The client write 7 writes complete, log file 1 has used space for client write 1 to occupy space 131072KB, client write 2 to occupy space 196608KB, client write 3 to occupy space 131072KB, client write 4 to occupy space 131072KB, client write 5 to occupy space 131072KB, client write 6 to occupy space 1KB, client write 7 to occupy 262141KB, 7KB metadata reserved space and 1KB header reserved space, and 983046KB in total. 1KB metadata reserved space is deducted, and the remaining space of the log file 1 is 65529KB. Similarly, the remaining space of the log file 2 is 65529KB, the remaining space of the log file 3 is 65529KB, the remaining space of the log file 4 is 65530KB, and the total remaining space size is 262117KB.

The client write 8 comprises 524288 (4 x 131072) data blocks, the size of the total residual space of the log file group is 262117KB, the client write current log file group with 262117KB (4 x 65529+1) is split, the client write current log file group is sequentially written into log file 4, log file 1, log file 2 and log file 3 in turn, after the writing of the data block 1 is completed, the data blocks in the data strip with the number 983039 in the log file group are filled, then check data blocks are calculated, check log files 5 and 6 are written, and so on until the writing of 262117 data blocks is completed, and the data strip with the number 983039 to 1048567 is filled. After the 262114 data block is written, the size of the client write plus the reserved client write metadata plus the header in the log file 1 is just 1GB, so that the log file 1 is fully written, the metadata and the header are written into the log file 4, and then the log file 1 is sealed. After the 262115 data block is written, the size of the client write plus the reserved client write metadata plus the header in the log file 2 is just 1GB, and the log file 2 is fully written, so that the metadata and the header are written into the log file 4, and then the log file 2 is sealed. After the 262116 data block is written, the size of the client write plus the reserved client write metadata plus the header in the log file 3 is just 1GB, and the log file 4 is fully written, so that the metadata and the header are written into the log file 4, and then the log file 4 is sealed. After the 262117 data block is written, the size of the client write plus the reserved client write metadata plus the header in the log file 4 is just 1GB, so that the log file 4 is fully written, the metadata and the header are written into the log file 4, then the log file 4 is sealed, and then the whole log file group is sealed, as shown in fig. 5-4.

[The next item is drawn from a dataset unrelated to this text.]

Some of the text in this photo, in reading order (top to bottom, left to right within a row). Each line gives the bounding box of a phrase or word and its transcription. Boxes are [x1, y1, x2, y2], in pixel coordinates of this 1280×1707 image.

In fig. 5-1 to 5-4, the client write p_q in the log file represents the data written in the log file in the client write p, p is any integer from 1 to 8, and q is any integer from 1 to 4.

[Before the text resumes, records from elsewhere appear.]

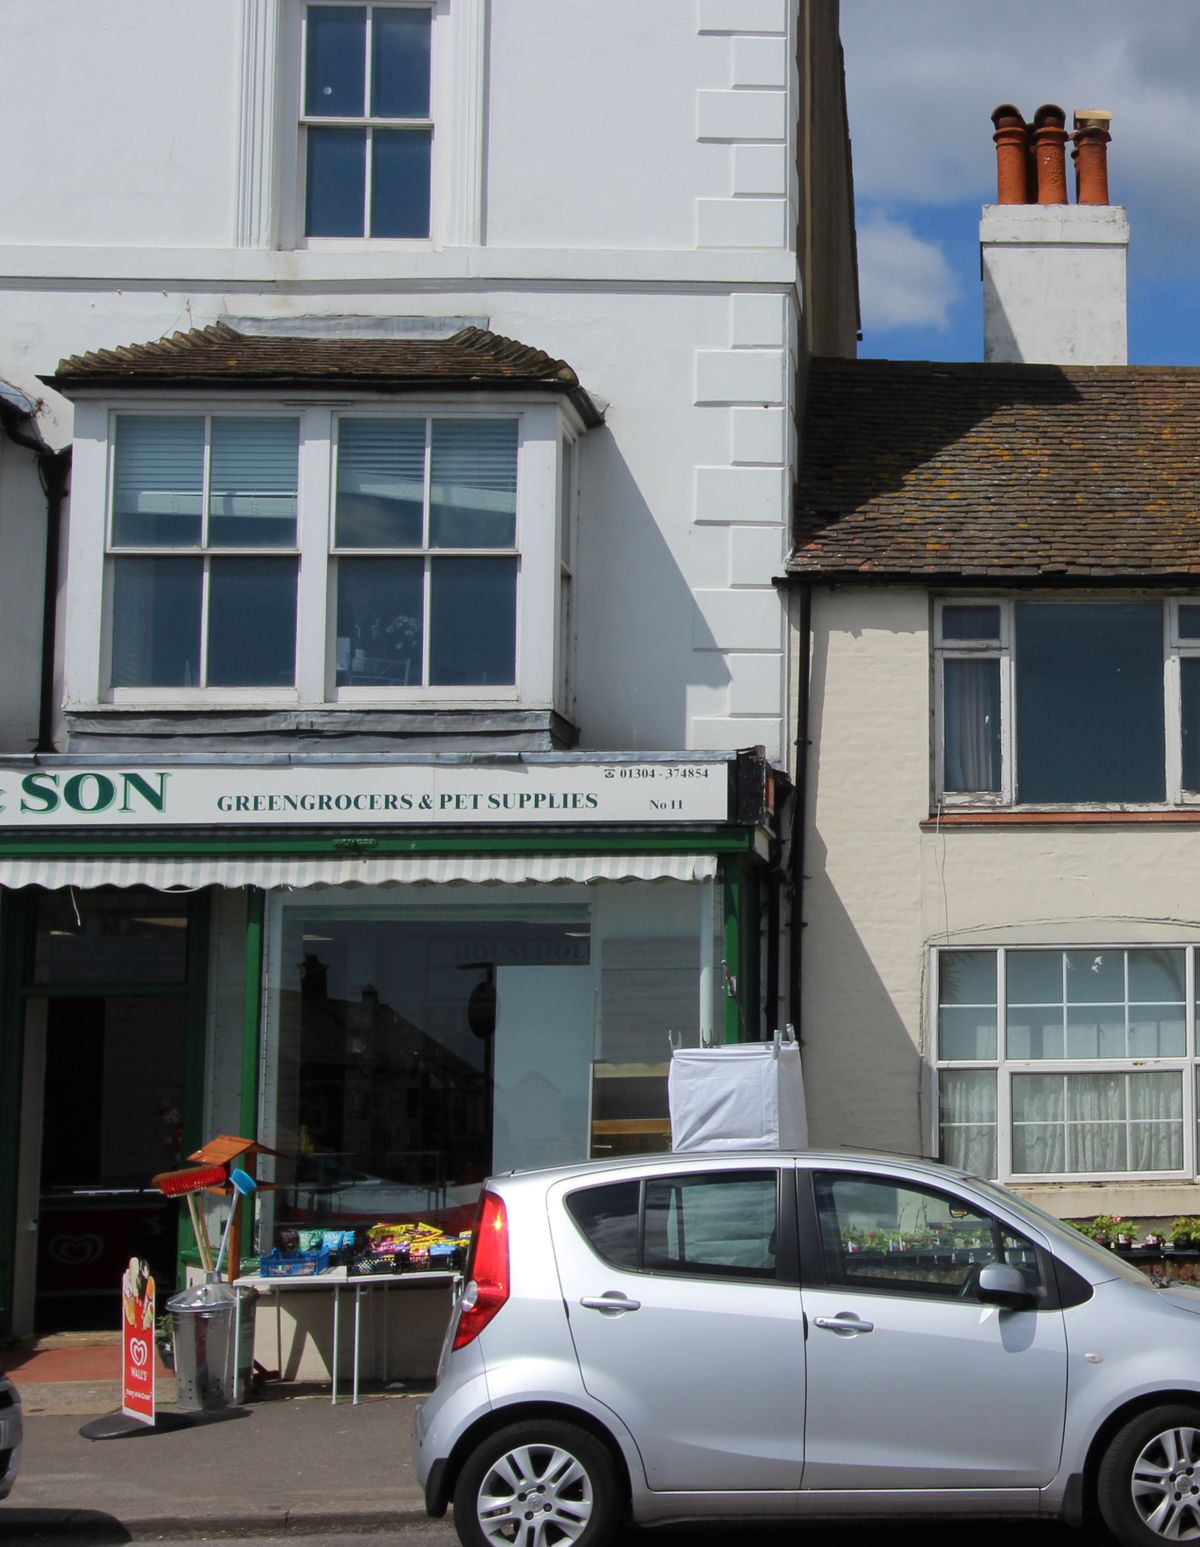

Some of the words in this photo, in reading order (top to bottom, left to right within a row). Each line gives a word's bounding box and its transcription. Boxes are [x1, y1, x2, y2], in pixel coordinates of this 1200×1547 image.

[619, 768, 656, 779] 01304
[665, 768, 709, 780] 374854
[20, 772, 171, 815] SON
[217, 793, 413, 813] GREENGROCERS
[417, 793, 434, 811] &
[438, 793, 484, 811] PET
[487, 791, 599, 811] SUPPLIES
[649, 799, 667, 811] No
[671, 799, 684, 810] 11

As shown in fig. 5-5, a new log file group (referred to as a second log file group or a second log file verification group) is created, the log file numbers are 7, 8, 9, 10 in order, and the verification log file numbers are 11, 12 in order. Writing the data of the remaining 262171KB (4 x 65542+3) of the client write 8 into a new log file group, wherein the data block 1, the data block 2, the data block 3 and the data block 4 are sequentially written into the log file 7, the log file 8, the log file 9 and the log file 10, the data block 4 is written into the data block filling in the data strip with the number 1 in the second log file group, the check data block writing check log file 11 and the check log file 12 are calculated, and the like until the 262168 th data block writing log file 10 is filled, the data strip with the number 1 to 262168 is filled, the 262169 th data block writing log file 1 in the client write, the 262170 th data block writing log file 2 and the 262171 th data block writing log file 3 are sequentially written. In FIGS. 5-5, client writes 8_1', 8_2', 8_3', 8_4' represent data of the client write 8 remaining 262171KB, respectively, written to data in log files 7-10.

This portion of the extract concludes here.